The Red Side of Purple
At the annual strategy conference of the Democratic Party in Florida, state Senator Annette Taddeo, who hopes to oust Governor Ron DeSantis next year, admitted the party has been on a losing streak of late. “Of course this fight will not be easy,” she said, “but it’s about so much more than any one of us, and as Florida Democrats, we have lost so many times that donors and pundits have given up on us.” Still, she has hope. “I believe and I know we can win if we create the coalition of voters that are needed to win in a state where these decisions are made by 1% or less,” she added.

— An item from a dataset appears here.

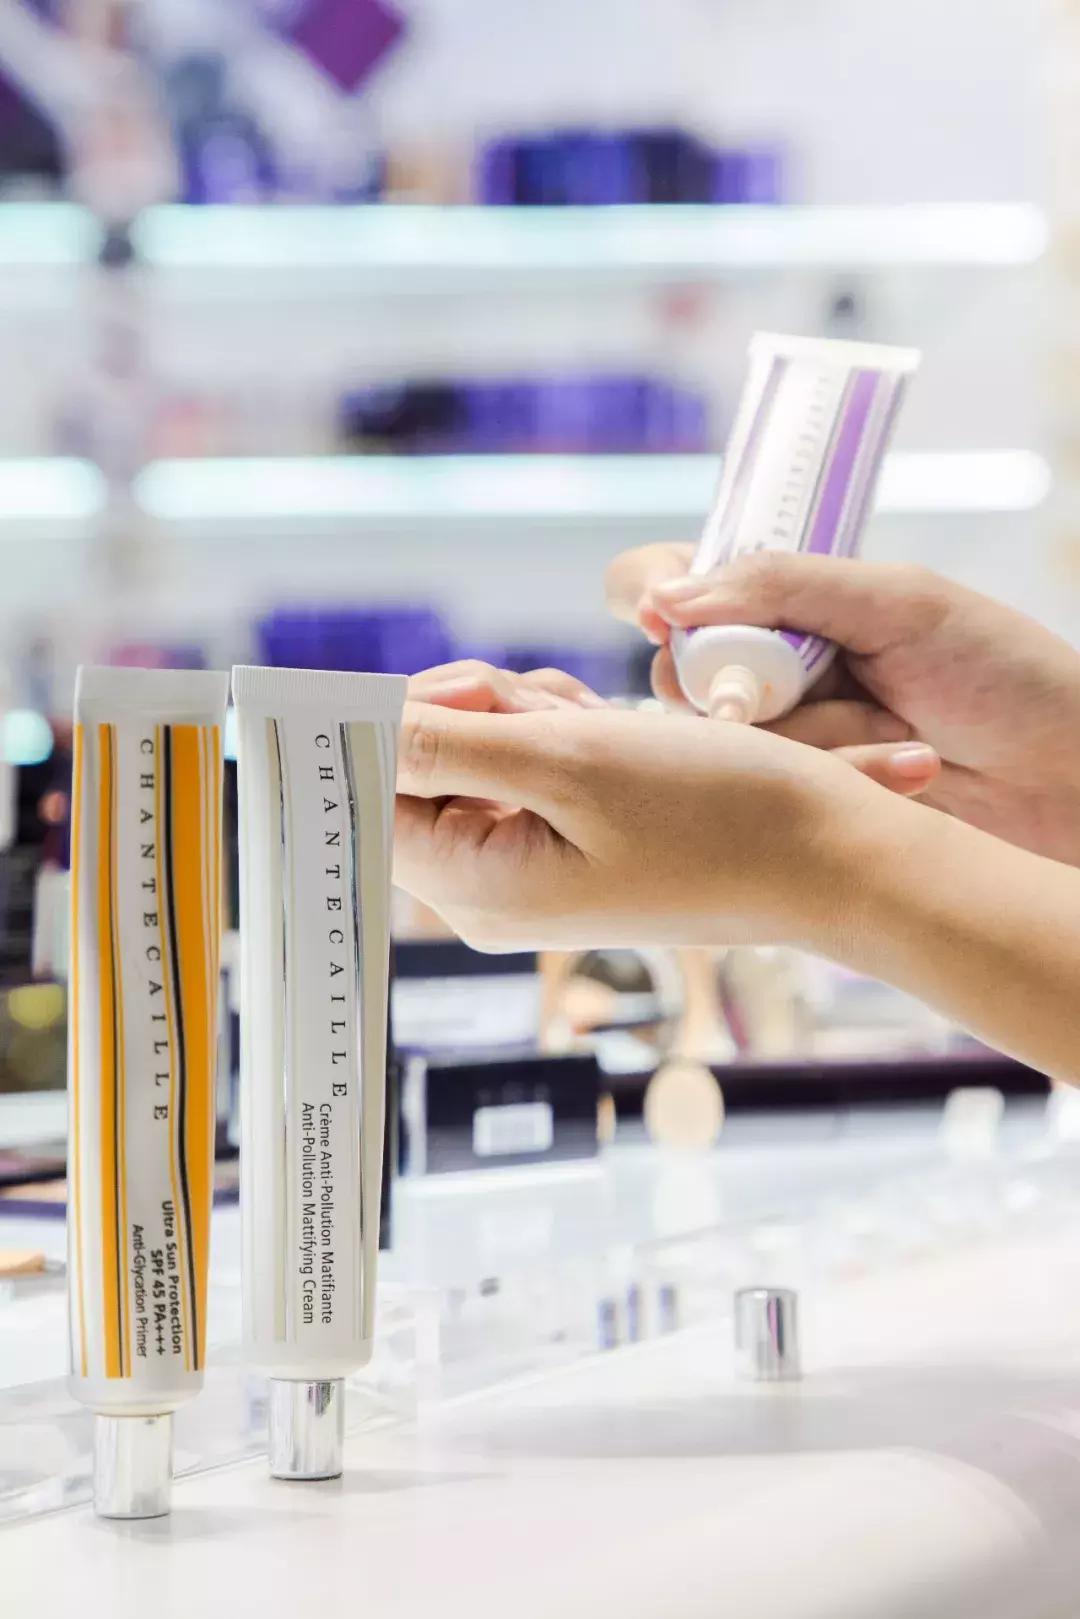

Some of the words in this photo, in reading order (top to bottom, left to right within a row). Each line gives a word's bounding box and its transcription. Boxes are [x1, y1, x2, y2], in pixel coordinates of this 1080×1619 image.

The Sunshine State has been led by a Republican governor for 22 years straight, or six elections worth. In the state legislature, the GOP has maintained a majority in the House since the 1996 elections and the Senate since ’94. Out of 27 congressional districts, just shy of two-thirds (17) of Florida’s U.S. representatives are Republicans. In fact, out of the 59 representatives sent to Washington in the last 20 years, less than a third (19) have been Democrats. Both of the state’s U.S. senators belong to the GOP. Florida’s Class I Senate seat was held by Democrat Bill Nelson from 2001 to 2019, and the Class III seat was held by Bob Graham from 1987 to 2005. That’s three back-to-back elections each, or half of the 12 elections since ’86. Since helping elect Dwight D. Eisenhower as president in 1952, Florida has backed Democrats trying for the White House just five times over 68 years. And it’s probably safe to say Florida would never have gone to Bill Clinton in 1996 had Ross Perot not taken nearly half a million votes that would have most likely gone to Bob Dole otherwise.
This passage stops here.